She was like, “No, no. Just make another appointment after your ultrasound.” I left there in tears panicking still. I was like, “I don’t know if I can even try for this VBAC. I may just have to sign up for another surgery. We don’t know.”

So I went back a few weeks later. It was about a month later. It was a long time I felt panic and nerves. So then I saw this other doctor and she was fantastic. I literally left that appointment telling her I loved her. She was so nice and evidence-based. She took out files and showed me statistics and everything. She explained my previous birth.

Meagan: Wow.

Samantha: She was fantastic. She was like, “You made it to 10 and you were pushing. The baby was just in the wrong position. You’re a perfect candidate.” I was like, “Okay.” She was like, “And the extension is lateral so it was all in the same direction.” She said, “Same direction or low, we have no problem with. It’s if it goes up that we start looking at things a little bit more seriously.” I felt super relieved after that. She told me the reason for my hemorrhage. It was her who told me. She asked me, “Did they try different positions?” I said, “No. They moved me from side to side but pushing, I was all on my back.”
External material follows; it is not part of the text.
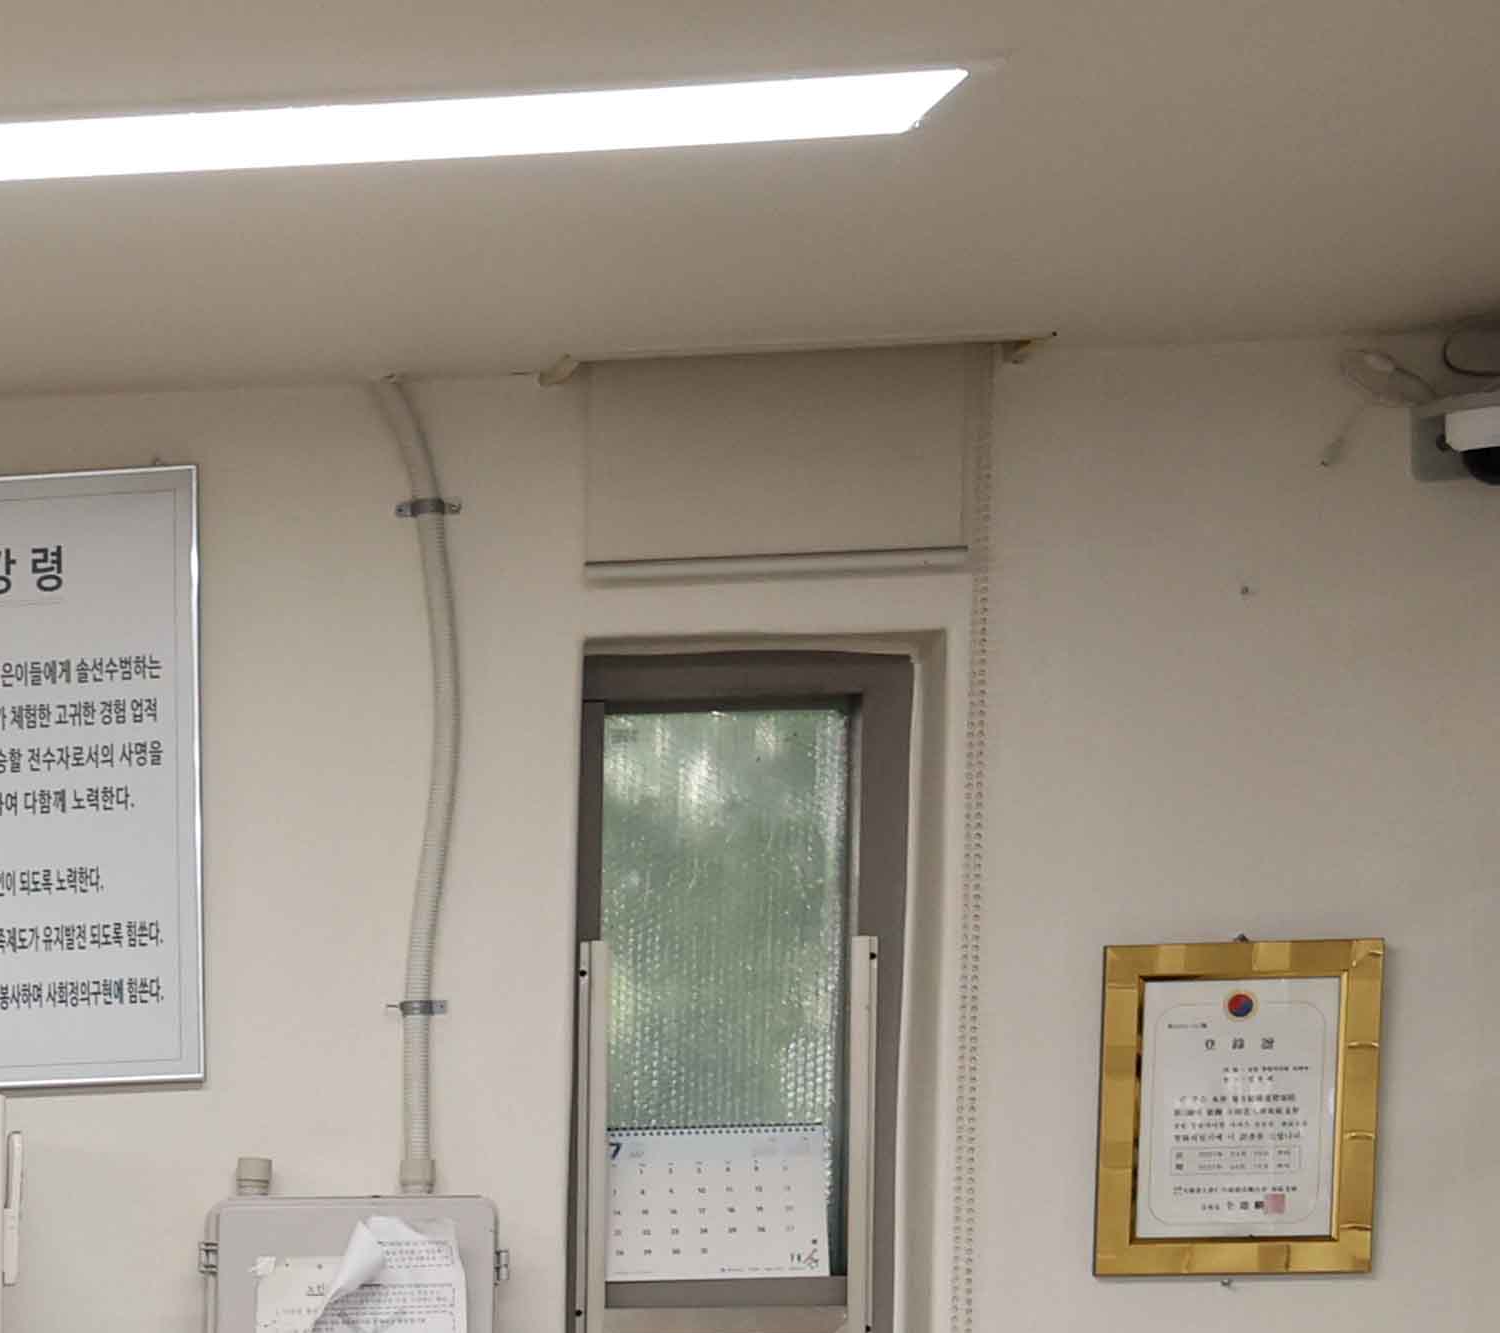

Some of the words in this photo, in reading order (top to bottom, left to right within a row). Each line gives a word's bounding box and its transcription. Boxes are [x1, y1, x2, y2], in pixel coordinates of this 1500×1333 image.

She was like, “We would have gotten you up on hands and knees. We would have done squatting. Did they try to manually turn him?” I said, “Absolutely not. Nothing happened. They literally left me on my own.” She was like, “We would have tried all of those things.” It really validated my whole experience.

Meagan: Absolutely.

Samantha: She is known for doing VBAC after two Cesareans as well. She is one of the only doctors at that hospital who will do it. She is amazing. So that relieved me a lot.

In between that, I hired my doula from a company called Mother Wit. She was fantastic. Her name was Megan Tolbert so I felt like I had a little bit of VBAC Link having a Megan of my own.

Meagan: I love that.

Samantha: I was seeing a chiropractor every two weeks and near the end, once a week. I did pelvic floor physio once a month. I did acupuncture once every two weeks and near the end, I did three intensive types of get-me-into-labor sessions. I did massage therapy just to relax myself because I was pretty high-strung. I did the dates starting at 36 weeks but that was also with the GD diagnosis. It was rough. I did red raspberry leaf tea. I did pumping and hand-expressing colostrum. I had read how important that could be for a gestational diabetes baby. That was something that was really important to me because I had been separated from my first for four hours.

I was like, “This poor child didn’t eat.” I brought my colostrum with me to the hospital and it can help with their sugars. That was really important to me. I walked every day. I did curb walking. I did Spinning Babies Daily Essentials. I read How to Heal a Bad Birth. I read Birth After Cesarean: Your Journey to a Better Birth. There was one story on GD in that book. That’s why I bought it.

Meagan: Hey, listen. You’ve got to find the stories, right?

Samantha: It was so hard to find gestational diabetes stories at the time. It was really rough.

Meagan: Was there a lot of emphasis on your diagnosis of gestational diabetes? Was there a lot of, “Hey, you’ve got to do this? This has to happen,” Or anything like that?

Samantha: They weren’t as on top of things as I thought they would be because the doctor I was seeing was a family doctor. She was a GP so everything above a healthy, regular pregnancy, she would send me to the at-risk clinic. They were really the ones who dealt with that. She had sent me for just routine bloodwork. My fasting numbers came back borderline so she was like, “Look. Now you’re going to have to do the 75-gram three-hour test, two-hour test, sorry, here.” I did that. I had a gut feeling my whole pregnancy that I had gestational diabetes for some reason. I had no proof. No proof, but it just kept on popping up. It was so weird.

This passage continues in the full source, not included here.